Pourquoi cela vaut la peine d'être lu aujourd'hui
Le 25 février, la Verkhovna Rada a adopté en deuxième lecture et dans son ensemble le projet de loi n°7577, qui prépare la deuxième étape de la réforme de la mélioration (aménagement hydraulique des terres). Le texte a été soutenu par 229 députés. Ce n'est pas une simple modification juridique — c'est un outil pour remettre en service des infrastructures critiques qui, face aux défis climatiques et à la reconstruction post‑conflit, peut devenir la clé d'un secteur agricole stable.
Ce que change la loi
La loi autorise la création d'opérateurs publics des systèmes de mélioration sous la forme d'entreprises publiques à but non lucratif. Ces opérateurs disposeront d'autonomie financière, pourront attirer des investissements et planifier leurs activités sur des horizons plus longs.

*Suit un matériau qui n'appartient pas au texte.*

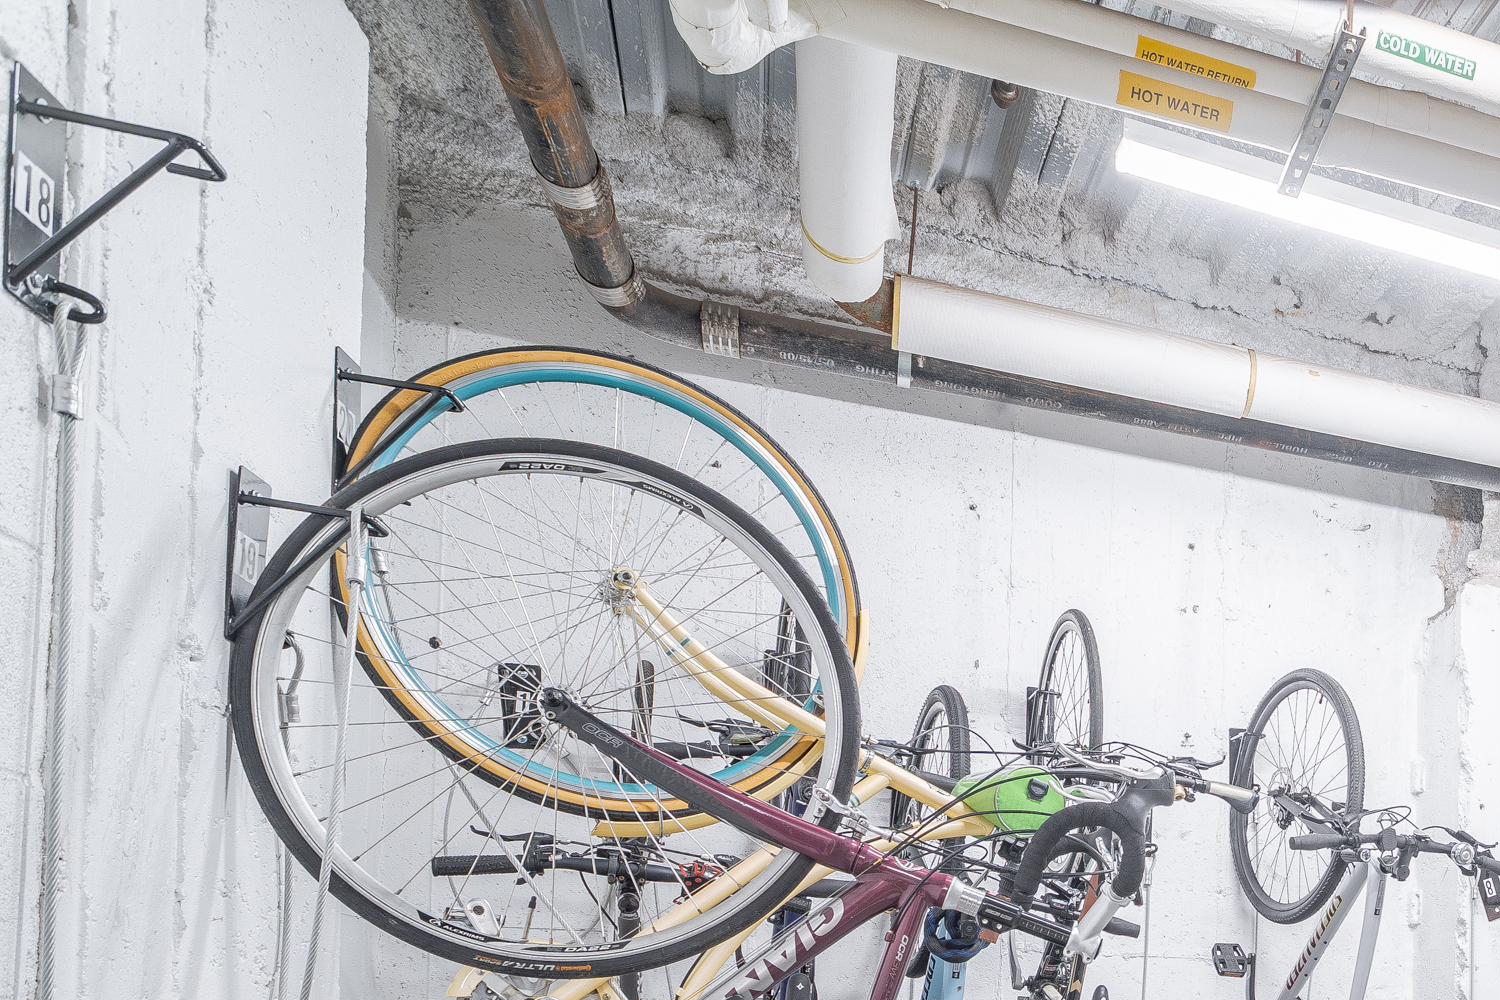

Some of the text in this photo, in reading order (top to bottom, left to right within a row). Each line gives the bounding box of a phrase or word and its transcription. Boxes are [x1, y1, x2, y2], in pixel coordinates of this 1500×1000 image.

Il est proposé d'inclure dans les conseils de surveillance des opérateurs des représentants des agriculteurs et d'autres utilisateurs de l'eau — une tentative de concilier la gestion étatique et les intérêts de ceux qui utilisent directement l'eau.
L'un des principes clés est la préservation de la continuité de l'infrastructure de mélioration, afin que des changements locaux ne fragmentent pas des systèmes qui fonctionnent à l'échelle régionale.
Tarifs et investissements
Les tarifs de l'eau pour l'irrigation sont introduits en deux composantes : une part fixe pour la connexion au réseau et une part variable selon le volume d'eau consommé. Une composante d'investissement sera également incluse dans le tarif, visant à assurer l'entretien courant et la modernisation des réseaux.
Contexte et ampleur
C'est la poursuite d'une réforme lancée précédemment : le 17 février 2022, le parlement a adopté une loi sur l'irrigation des terres, qui a permis aux utilisateurs d'eau de se regrouper en unions et de prendre les systèmes à leur charge. Les premiers réseaux d'irrigation ont commencé à être transférés à la gestion des agriculteurs à la fin de 2023.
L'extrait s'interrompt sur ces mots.